Omit the images and return the remaining entries unchanged.

Stored items -
+--

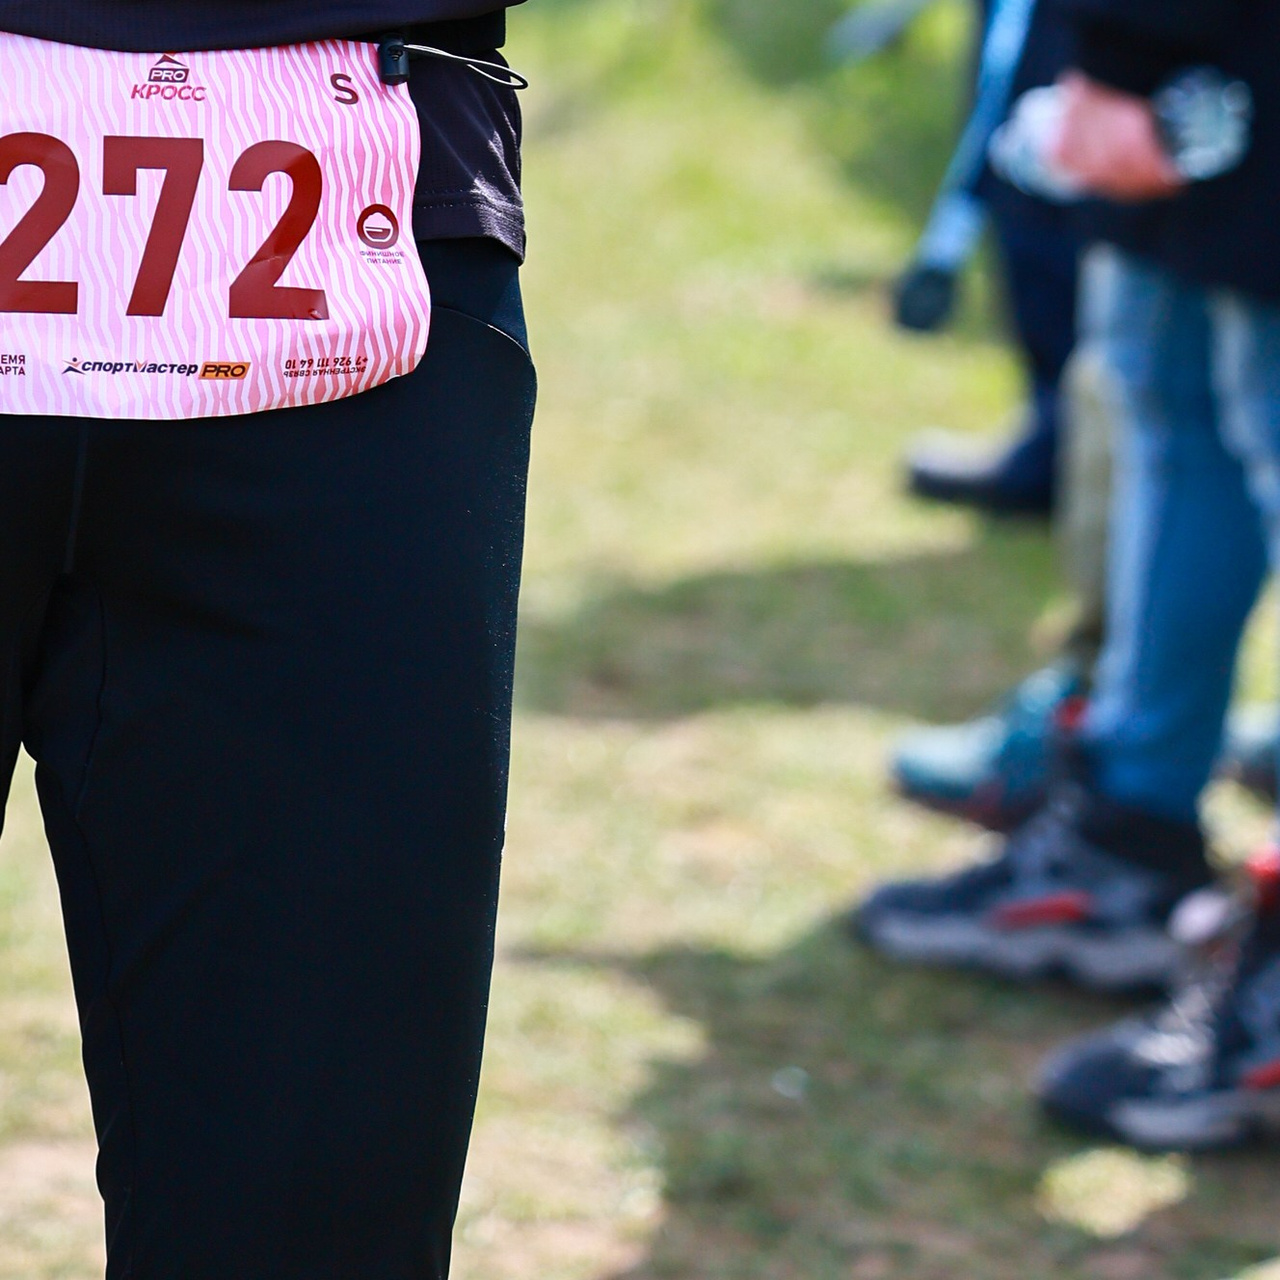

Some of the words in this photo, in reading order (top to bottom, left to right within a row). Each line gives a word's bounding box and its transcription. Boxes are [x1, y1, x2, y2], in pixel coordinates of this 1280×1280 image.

[150, 69, 187, 81] PRO
[131, 84, 207, 101] КРОСС
[330, 73, 359, 104] S
[285, 359, 297, 370] 10
[300, 358, 314, 369] 64
[316, 358, 330, 368] 111
[333, 357, 352, 367] 926
[355, 355, 369, 366] +7
[201, 364, 246, 377] PRO

+--

Written reply -
Some of the words in this photo, in reading order (top to bottom, left to right within a row). Each line gives a word's bounding box and its transcription. Boxes are [x1, y1, x2, y2], in pixel coordinates of this 1280×1280 image.

[150, 69, 187, 81] PRO
[131, 84, 207, 101] КРОСС
[330, 73, 359, 104] S
[285, 359, 297, 370] 10
[300, 358, 314, 369] 64
[316, 358, 330, 368] 111
[333, 357, 352, 367] 926
[355, 355, 369, 366] +7
[201, 364, 246, 377] PRO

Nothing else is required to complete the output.